=== Exercise objective ===
If a picture appears among the records, leave it out and set down everything else exactly as it stands.

── Data for this task ──

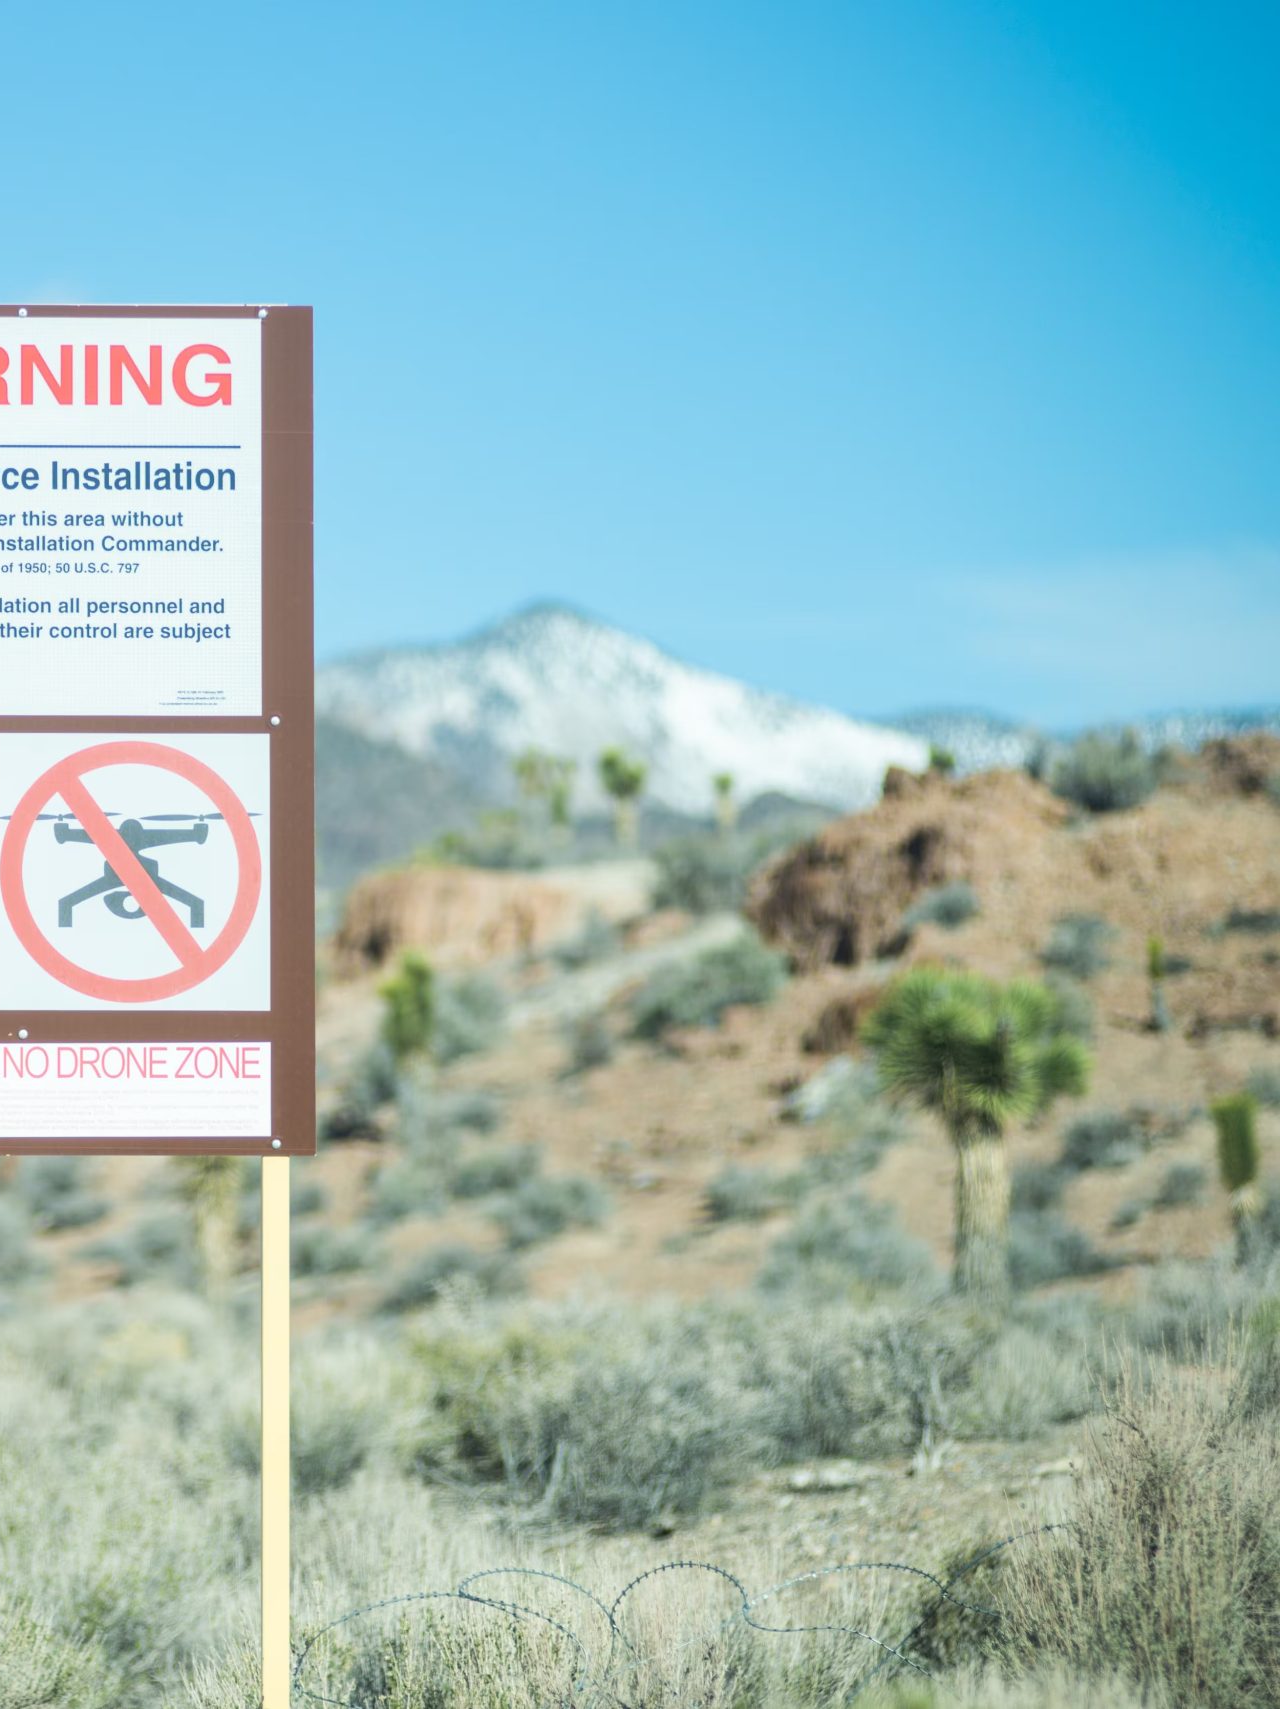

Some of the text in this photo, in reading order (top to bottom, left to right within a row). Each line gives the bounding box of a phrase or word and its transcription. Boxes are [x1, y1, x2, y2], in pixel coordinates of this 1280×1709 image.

[52, 461, 235, 490] Installation
[22, 511, 57, 526] this
[64, 515, 104, 526] area
[112, 511, 183, 526] without
[102, 536, 223, 551] Commander.
[1, 563, 13, 573] of
[19, 562, 52, 575] 1950;
[56, 563, 70, 573] 50
[74, 562, 113, 573] U.S.C.
[118, 563, 139, 573] 797
[59, 598, 79, 613] all
[87, 598, 182, 617] personnel
[190, 599, 224, 613] and
[0, 623, 42, 638] their
[50, 623, 116, 638] control
[124, 627, 153, 638] are
[161, 623, 230, 642] subject
[3, 1046, 260, 1079] NO DRONE ZONE
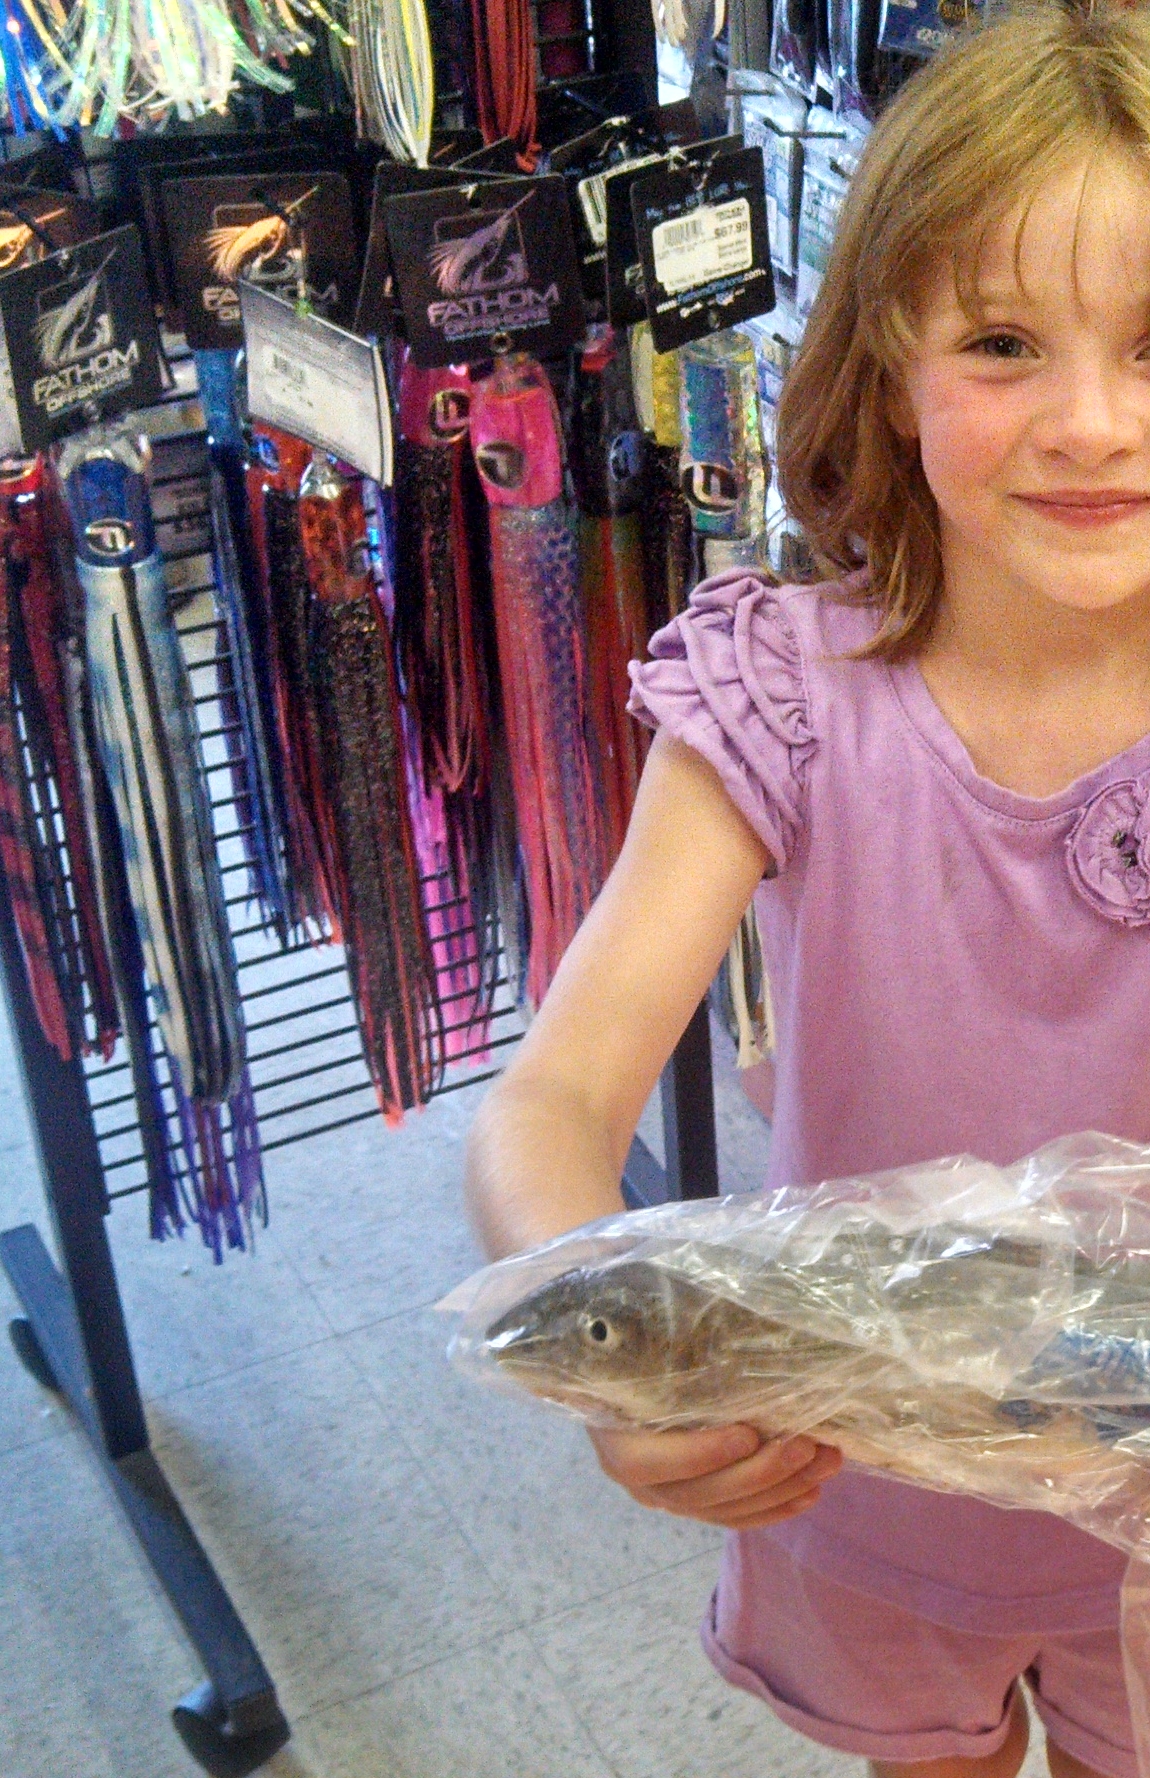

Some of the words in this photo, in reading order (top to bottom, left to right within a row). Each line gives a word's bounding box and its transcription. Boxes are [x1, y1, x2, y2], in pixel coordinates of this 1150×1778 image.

[714, 220, 748, 240] $67.99
[427, 282, 560, 328] FATHOM
[33, 340, 140, 405] FATHOM

───

=== Response ===
Some of the text in this photo, in reading order (top to bottom, left to right within a row). Each line gives the bounding box of a phrase or word and its transcription. Boxes are [x1, y1, x2, y2], in pixel coordinates of this 1280×1709 image.

[52, 461, 235, 490] Installation
[22, 511, 57, 526] this
[64, 515, 104, 526] area
[112, 511, 183, 526] without
[102, 536, 223, 551] Commander.
[1, 563, 13, 573] of
[19, 562, 52, 575] 1950;
[56, 563, 70, 573] 50
[74, 562, 113, 573] U.S.C.
[118, 563, 139, 573] 797
[59, 598, 79, 613] all
[87, 598, 182, 617] personnel
[190, 599, 224, 613] and
[0, 623, 42, 638] their
[50, 623, 116, 638] control
[124, 627, 153, 638] are
[161, 623, 230, 642] subject
[3, 1046, 260, 1079] NO DRONE ZONE

Some of the words in this photo, in reading order (top to bottom, left to right within a row). Each line gives a word's bounding box and its transcription. Boxes are [x1, y1, x2, y2], in pixel coordinates of this 1150×1778 image.

[714, 220, 748, 240] $67.99
[427, 282, 560, 328] FATHOM
[33, 340, 140, 405] FATHOM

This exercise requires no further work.